18 | The Castro District
With its rainbow flags and sidewalks, the Castro District is one of the most unique areas of San Francisco. One of our favorite buildings in the Castro district is The Castro Theater, one of the most popular San Francisco movie theaters.
19 | Sutro Baths
Best time to photograph: Sunset when you can capture the sunset reflecting in the water.
The Sutro Baths was once a popular saltwater swimming pool, in fact it was the largest in the world, until it burned down in the 1960s. Today its ruins are part of the Golden Gate Recreational Area and one of the more unique photo locations in San Francisco.
A short walk down the hill from the Land End parking lot takes you to the baths. Some water remains in the baths which can make for great reflection photos when the weather is good. Unfortunately, when we visited it was slightly overcast, however in the right conditions you could capture some epic shots here.
20 | Land’s End Lookout
After visiting Sutro Baths it is worth taking the time to hike through some of the trails at Lands End that start from the parking lot.

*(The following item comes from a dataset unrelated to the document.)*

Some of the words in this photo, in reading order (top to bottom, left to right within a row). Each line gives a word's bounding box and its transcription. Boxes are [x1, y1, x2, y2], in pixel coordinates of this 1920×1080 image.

Lands End has so many stunning views and the views along the trail from the parking lot are spectacular.
One of the best photo locations is at the Land’s End Labyrinth. Created by San Francisco artist Eduardo Aguiler, the Land’s End Labyrinth is an art installation on a rocky outcrop located off the Land End Trail. While it’s not officially endorsed by the park, there is an unmaintained trail to the labyrinth. The view, with the Golden Gate Bridge in the background, is spectacular and makes it one of the best photo locations in San Francisco.

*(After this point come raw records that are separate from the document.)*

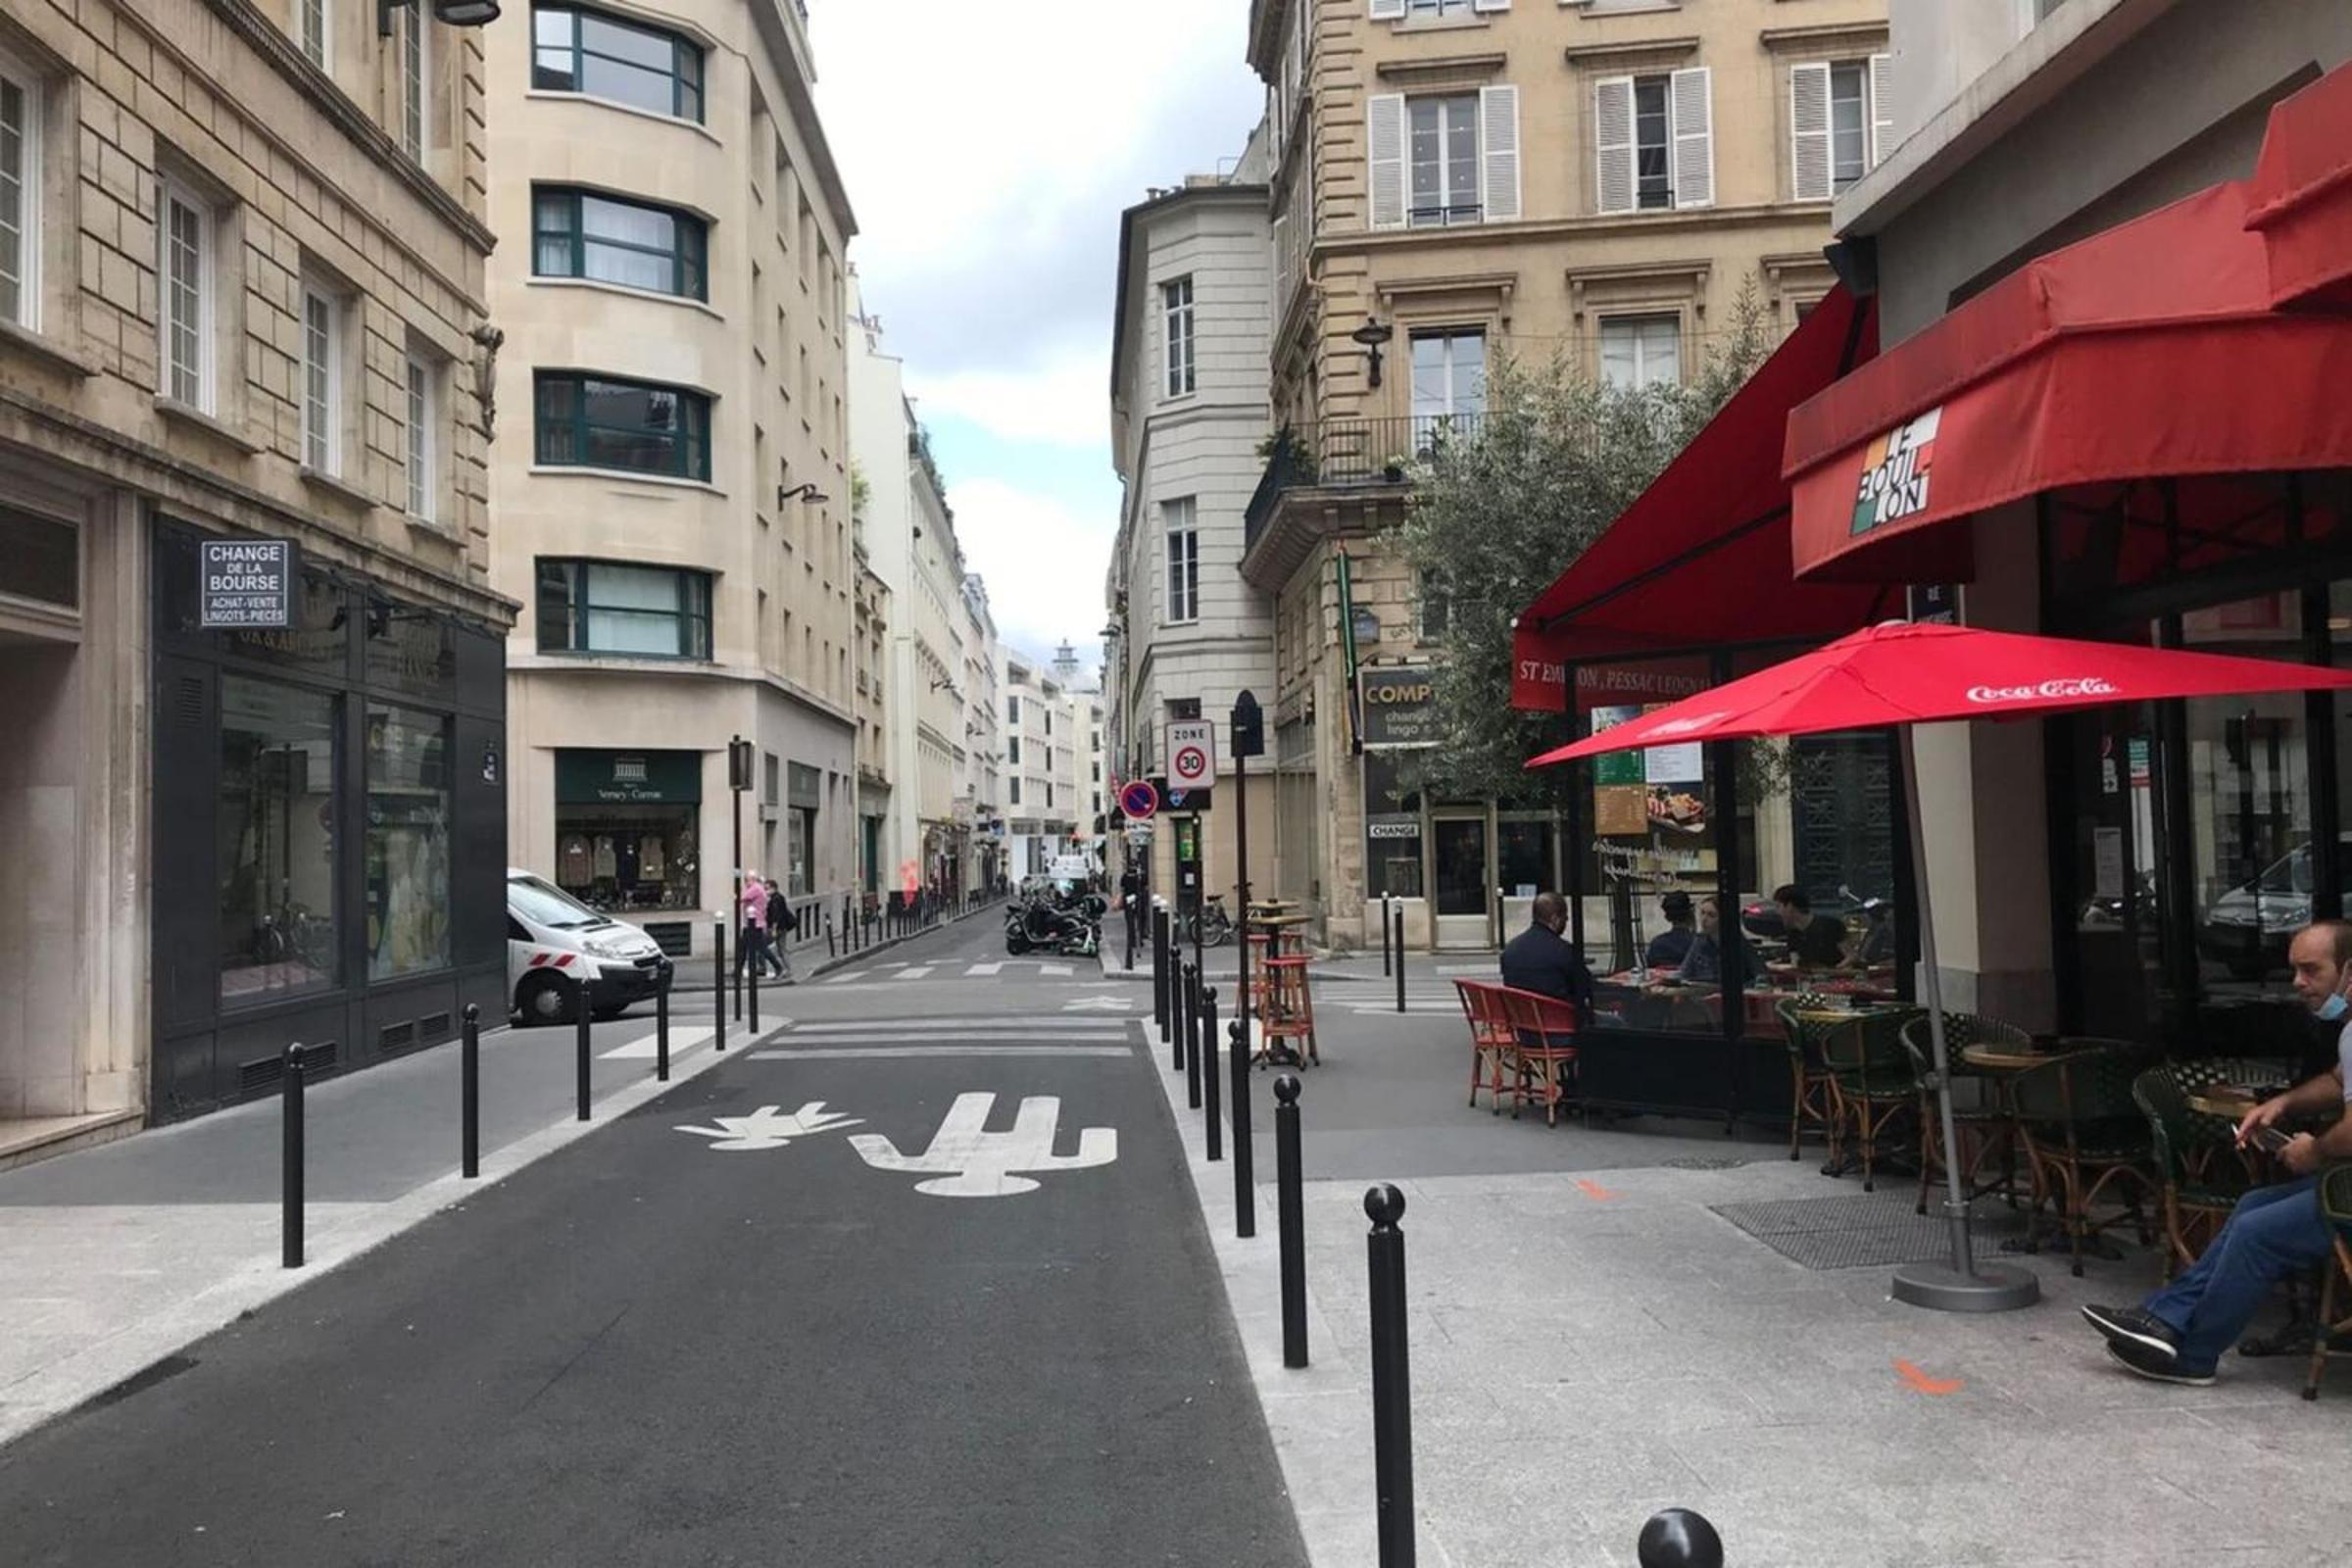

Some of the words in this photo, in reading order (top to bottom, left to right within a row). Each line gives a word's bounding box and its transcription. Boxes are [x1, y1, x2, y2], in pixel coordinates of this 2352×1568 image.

[209, 546, 281, 562] CHANGE
[226, 563, 243, 574] DE
[245, 563, 263, 574] LA
[210, 575, 279, 591] BOURSE
[1519, 660, 1539, 681] ST
[1606, 670, 1655, 692] PESSAC
[1174, 728, 1204, 741] ZONE
[1182, 755, 1200, 770] 30
[1373, 826, 1416, 836] CHANGE

21 | Palace of the Fine Arts
The Palace of the Fine Arts is one of the most beautiful and recognizable buildings in San Francisco. Originally constructed to house art as part of the 1915 Panama-Pacific Exposition, today the building is used as an event venue.

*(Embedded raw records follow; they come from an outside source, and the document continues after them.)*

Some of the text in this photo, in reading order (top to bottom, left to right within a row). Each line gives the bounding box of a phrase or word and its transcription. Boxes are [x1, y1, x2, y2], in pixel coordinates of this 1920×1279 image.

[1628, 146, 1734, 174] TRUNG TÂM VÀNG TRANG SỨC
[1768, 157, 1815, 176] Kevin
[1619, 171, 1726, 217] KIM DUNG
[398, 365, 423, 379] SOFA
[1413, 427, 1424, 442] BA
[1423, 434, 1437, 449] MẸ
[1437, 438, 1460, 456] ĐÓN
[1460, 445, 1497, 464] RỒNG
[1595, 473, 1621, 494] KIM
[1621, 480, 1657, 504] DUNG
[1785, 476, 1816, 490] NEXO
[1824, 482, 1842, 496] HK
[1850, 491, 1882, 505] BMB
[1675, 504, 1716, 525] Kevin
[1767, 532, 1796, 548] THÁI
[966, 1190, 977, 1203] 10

Best San Francisco Photo Locations Tip: One of the best photo spots is from the grassy in front of the small lagoon at the back of the building.
22 | 16th Avenue Tiled Steps
Although a little tricky to get to we recommend taking a detour on the way back from Land’s End to these beautiful tiled steps. The steps were tiled as part of a neighborhood project and now draws visitors due to their colorful uniqueness.
As it’s not on the tourist route the steps are relatively quiet so you should have no problem getting a photo with the steps empty
Best San Francisco photo locations tip: Despite being in a residential neighborhood the area around the bottom of the steps can often be a car break-in hot spot so make sure you leave nothing important in your car if you are driving.
23 | Japanese Tea Garden
The Japanese Tea Garden, located in the Golden Gate Park, was the first Japanese Garden established in the US. They were built in 1894. Not only is it one of the most relaxing places in San Francisco but the Japanese Tea Garden is packed with beautiful photo opportunities.
One of the best photo locations in the Japanese Tea Gardens is the Tea House itself which overlooks a small pond.
Best San Francisco Photo Locations Tip: Our best tip for photographing the Japanese Garden is to allow lots of time to wander and explore every corner of the space. While there are the famous shots of the central pagoda and the tea house, there are lesser-known areas such as the Zen garden and the original drum bridge that was built for the 1894 World’s Fair.